As we get further along the farm, Charles encounters a deep ‘puddle’ of water that has gathered after the rain. Fearless, he preps his 4×4 and drives through it effortlessly. Meanwhile, he lets Anna his Anatolian Shepherd dog run around – she even run behinds the car as she has so much energy to expel.
“We got Anna in 2016 when she was just a puppy. She has grown into this massive dog so fast. Anatolian Shepherd dogs are quite something – they are livestock guardian dogs, meaning they are in charge of watching over a flock and protecting the defenceless animals from predators. She watches over me and Diane like a hawk – it is in her nature to do so. She is also very suspicious – she needs constant exposure to friendly people so they learn to recognize the normal behaviors of “good guys.” Then she can recognize the difference when someone acts abnormally. Without careful socialization, they are likely to be suspicious of everyone,” says Charles.

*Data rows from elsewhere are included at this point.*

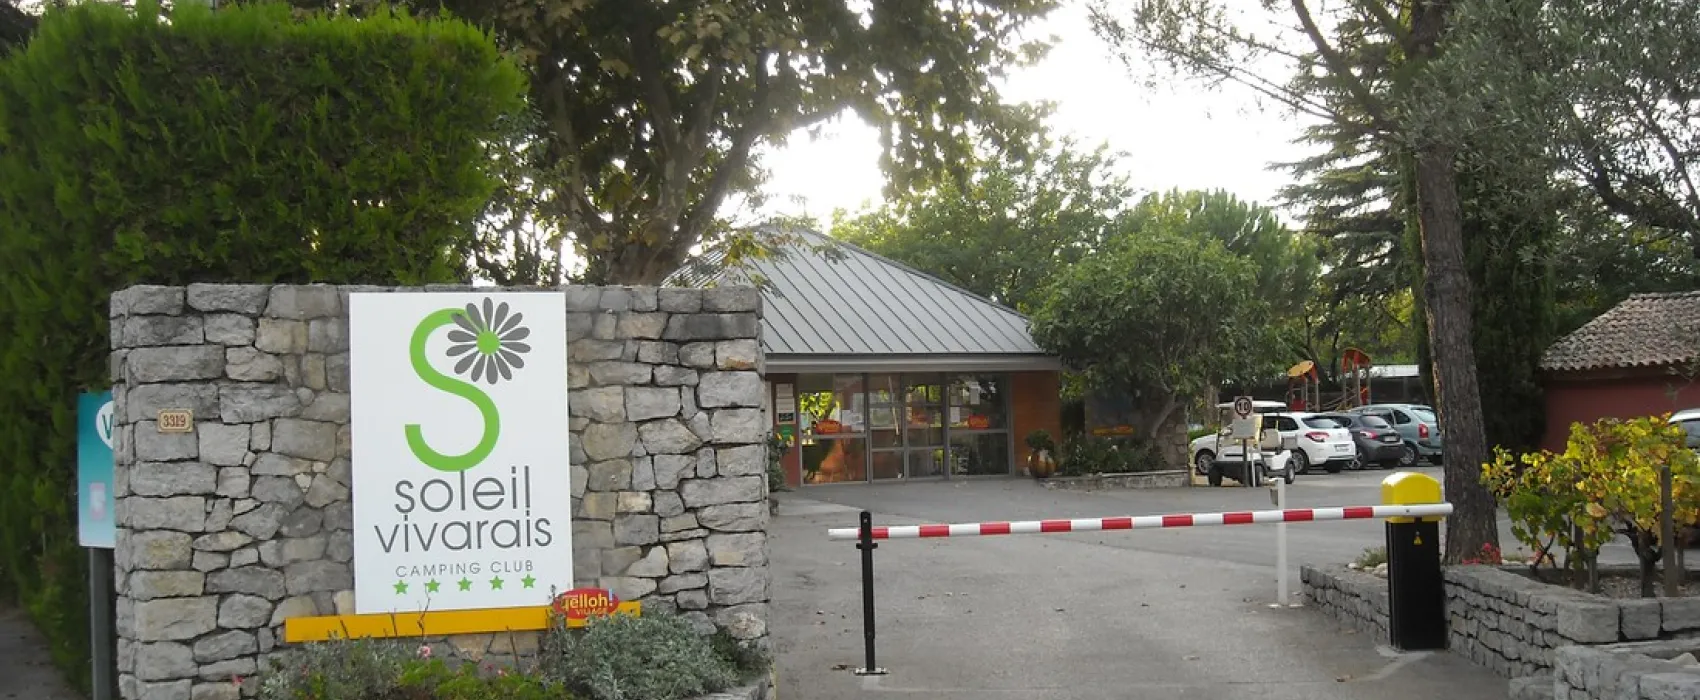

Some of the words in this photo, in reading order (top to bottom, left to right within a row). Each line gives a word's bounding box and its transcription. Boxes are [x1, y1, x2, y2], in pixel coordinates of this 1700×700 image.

[1237, 401, 1250, 412] 10
[163, 414, 186, 428] 3319
[394, 465, 531, 514] soleil
[374, 510, 553, 554] vivarais
[395, 562, 482, 578] CAMPING
[490, 559, 534, 573] CLUB
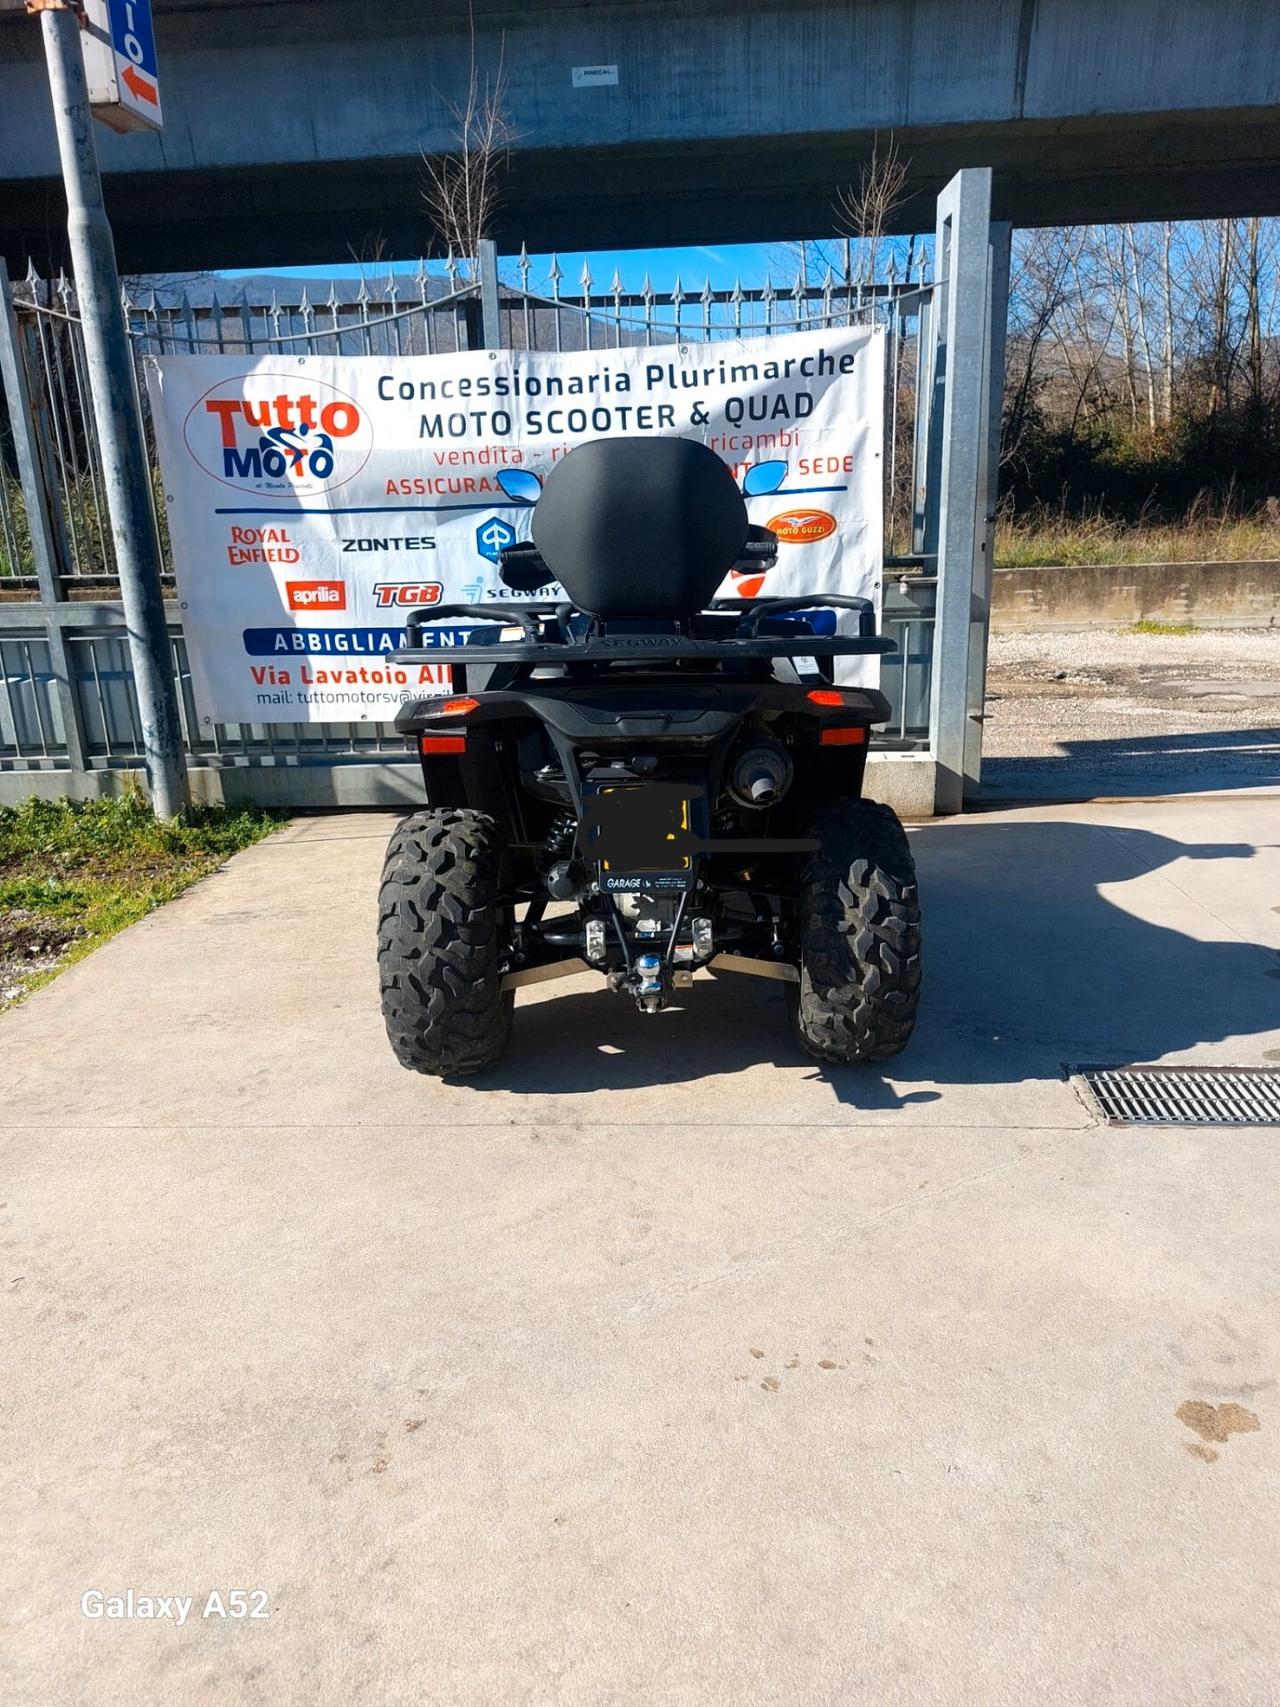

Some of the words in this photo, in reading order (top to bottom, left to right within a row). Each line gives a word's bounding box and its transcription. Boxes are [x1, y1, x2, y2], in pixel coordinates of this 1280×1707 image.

[378, 368, 631, 401] Concessionaria
[646, 348, 855, 391] Plurimarche
[419, 410, 511, 439] MOTO
[526, 405, 676, 435] SCOOTER
[690, 401, 710, 426] &
[724, 392, 814, 429] QUAD
[433, 445, 523, 466] vendita
[711, 428, 800, 452] ricambi
[798, 456, 854, 475] SEDE
[231, 527, 291, 545] ROYAL
[777, 527, 799, 535] MOTO
[801, 526, 825, 534] GUZZI
[342, 537, 436, 552] ZONTES
[227, 546, 300, 565] ENFIELD
[293, 586, 340, 605] aprilia
[374, 583, 441, 606] TGB
[487, 587, 562, 598] SEGWAY
[250, 665, 291, 685] Via
[300, 665, 408, 685] Lavatoio
[256, 690, 294, 705] mail:
[607, 878, 642, 889] GARAGE
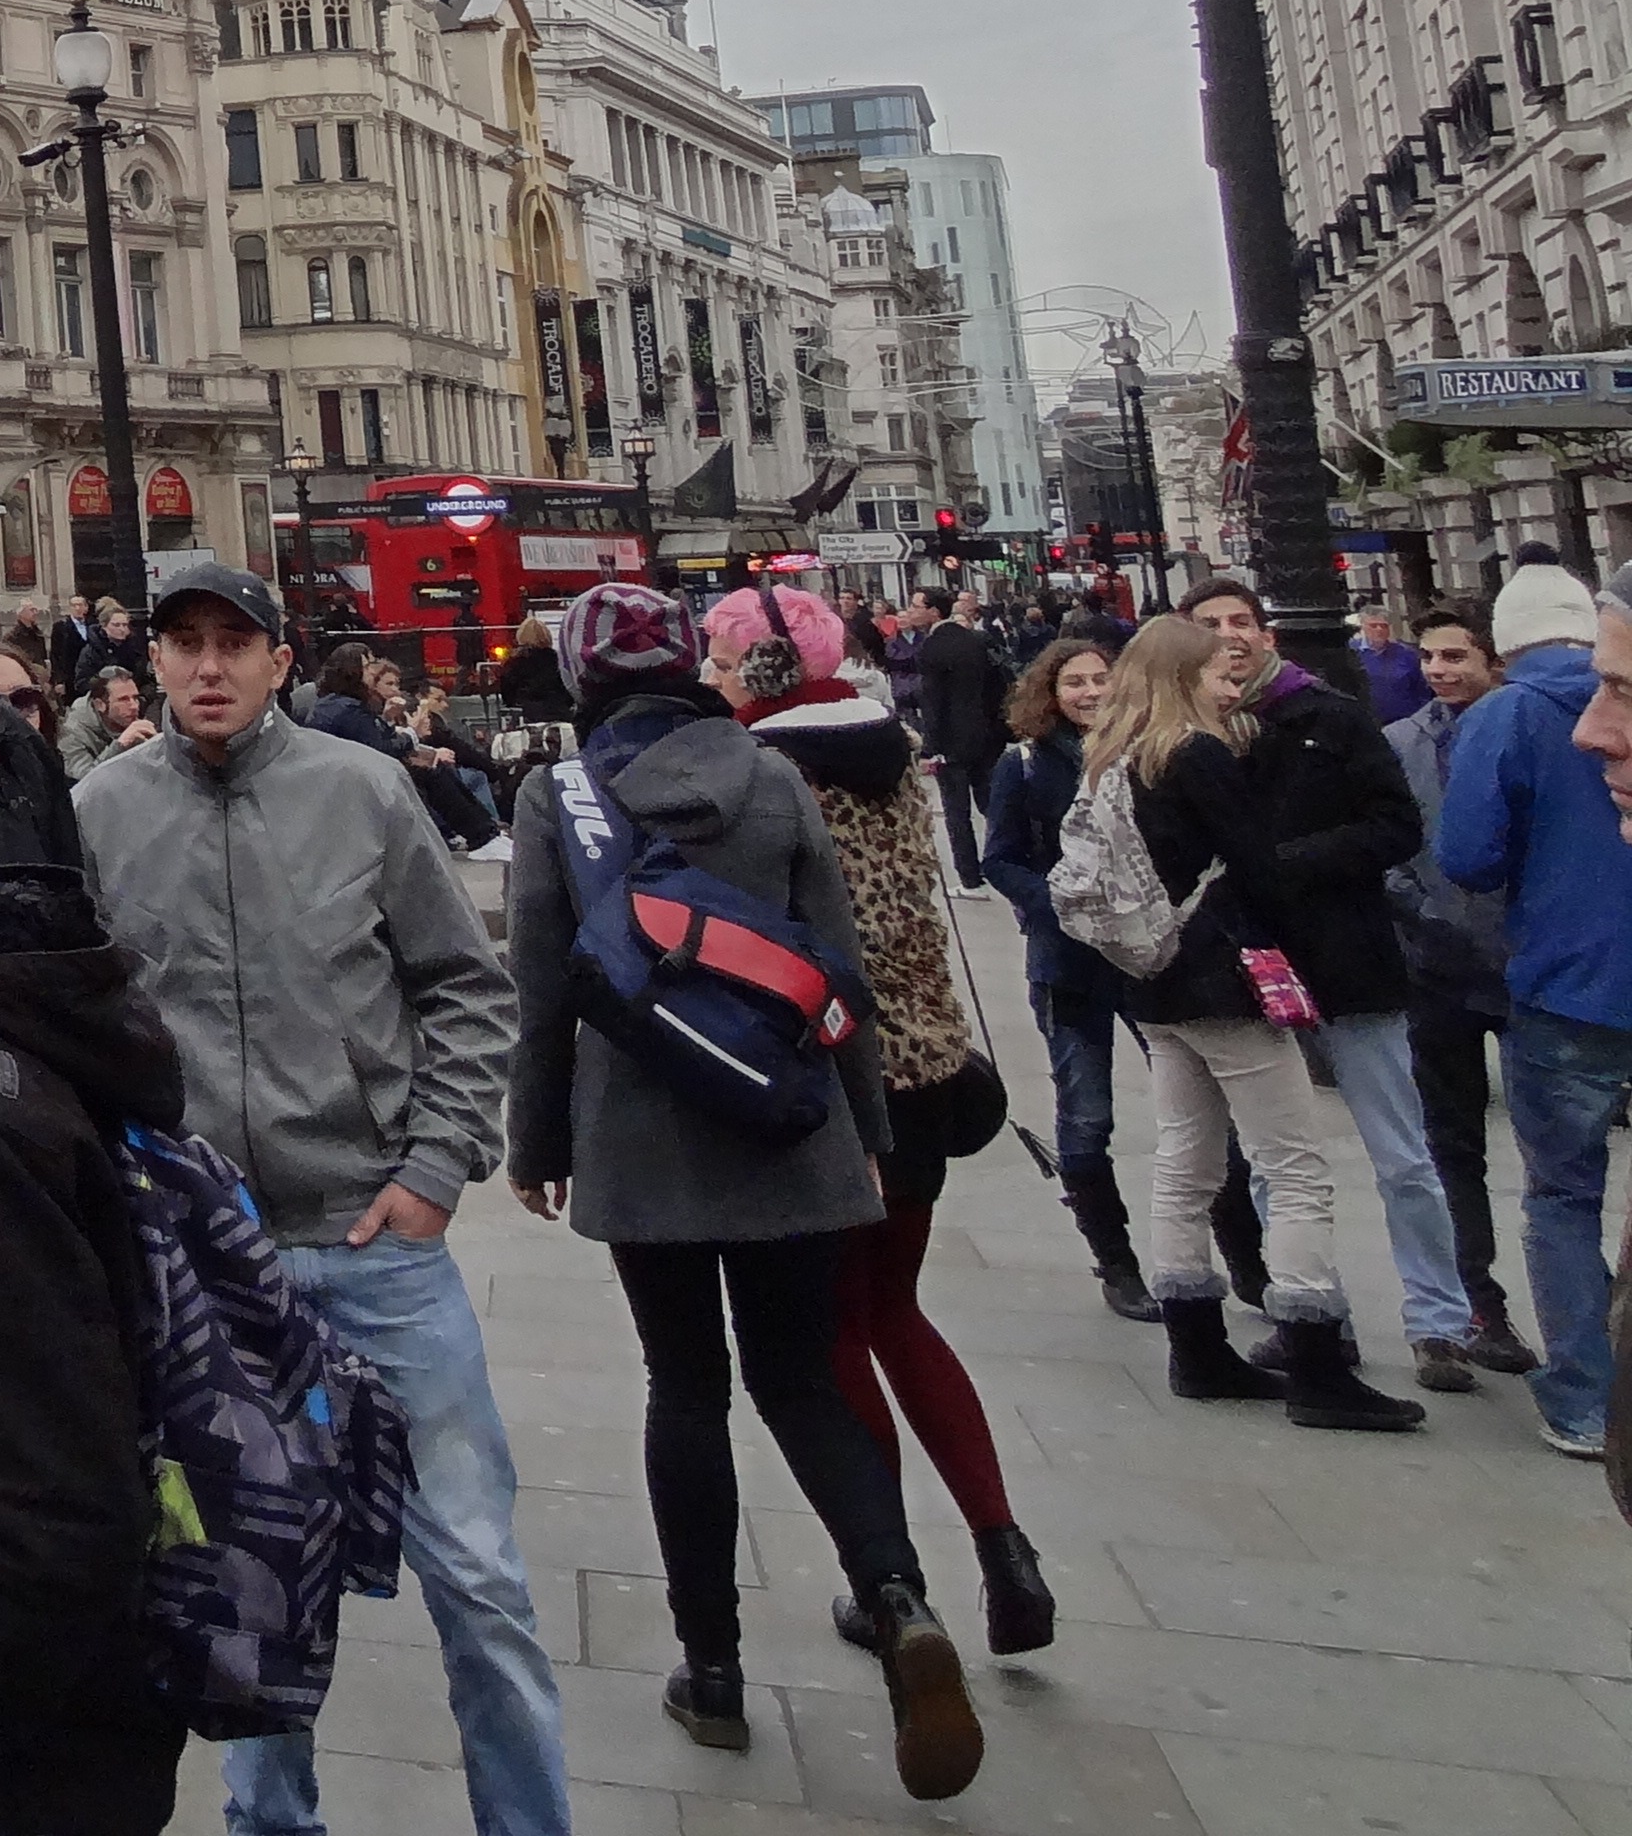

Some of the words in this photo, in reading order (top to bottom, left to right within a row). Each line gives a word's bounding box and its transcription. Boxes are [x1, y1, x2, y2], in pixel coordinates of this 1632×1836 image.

[635, 303, 659, 395] TROCADERO
[1439, 370, 1581, 398] RESTAURANT
[426, 499, 507, 512] UNDERGROUND
[426, 558, 437, 571] 6
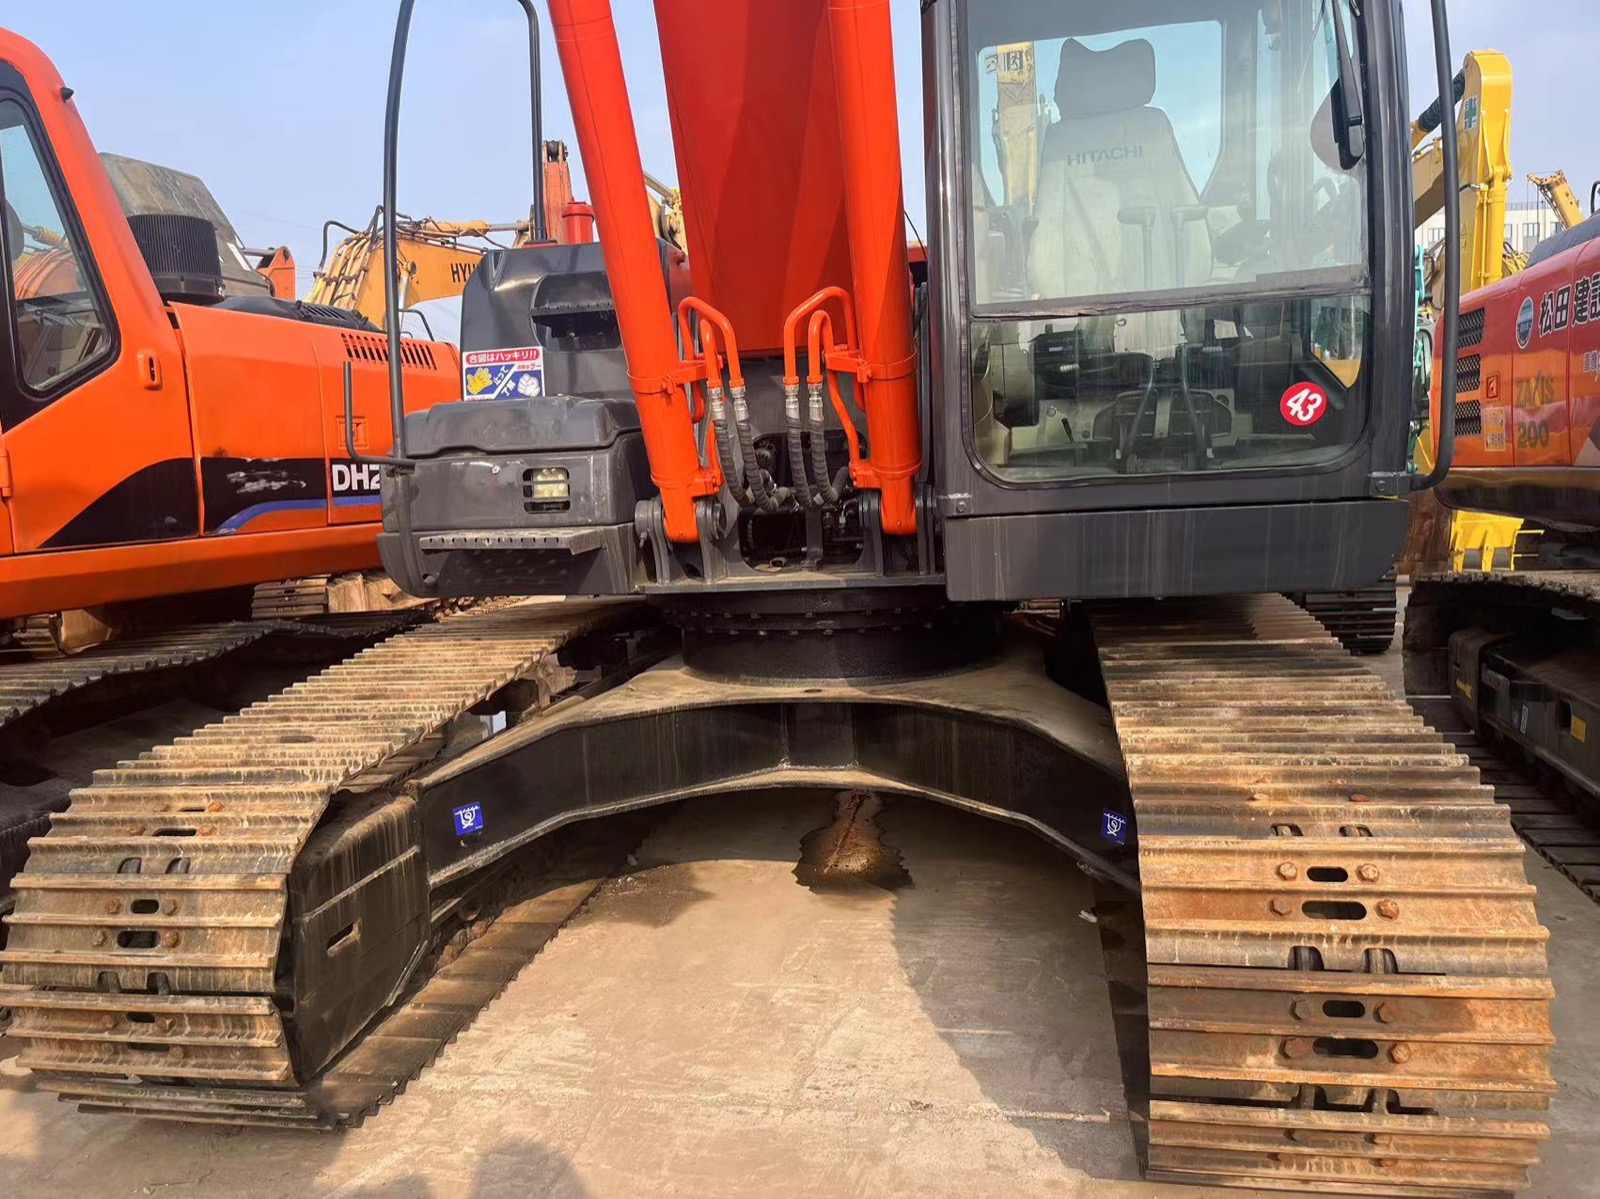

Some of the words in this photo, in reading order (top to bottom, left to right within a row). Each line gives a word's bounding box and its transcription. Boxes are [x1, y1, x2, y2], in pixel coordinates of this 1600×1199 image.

[1067, 144, 1143, 166] HITACHI
[1286, 388, 1322, 421] 43
[1518, 418, 1550, 448] 200

As our farm tour comes to a close, there is one last stop. The pig pen. The somewhat muddy pigs come out to greet us, and Charles adds in a rather amazing tale:
“We’ve only recently re-introduced pigs back to our stable of animals. We used to have them on the farm back when my father was alive. One of the most hilarious stories I can recall was the day I was driving towards the pig pen when an old car that I didn’t recognise drove past me. There was a man driving, and next to him was possibly the most unfortunate and ugly looking man I’ve ever seen, wearing a hat and sunglasses. As I arrived at the pig pen, some of the farm workers ran up to me, exclaiming that someone had just driven away with a stolen pig. And upon reflection, I laughed aloud and realised that the unfortunate looking man was not a man at all – but the stolen pig!”, laughs Charles.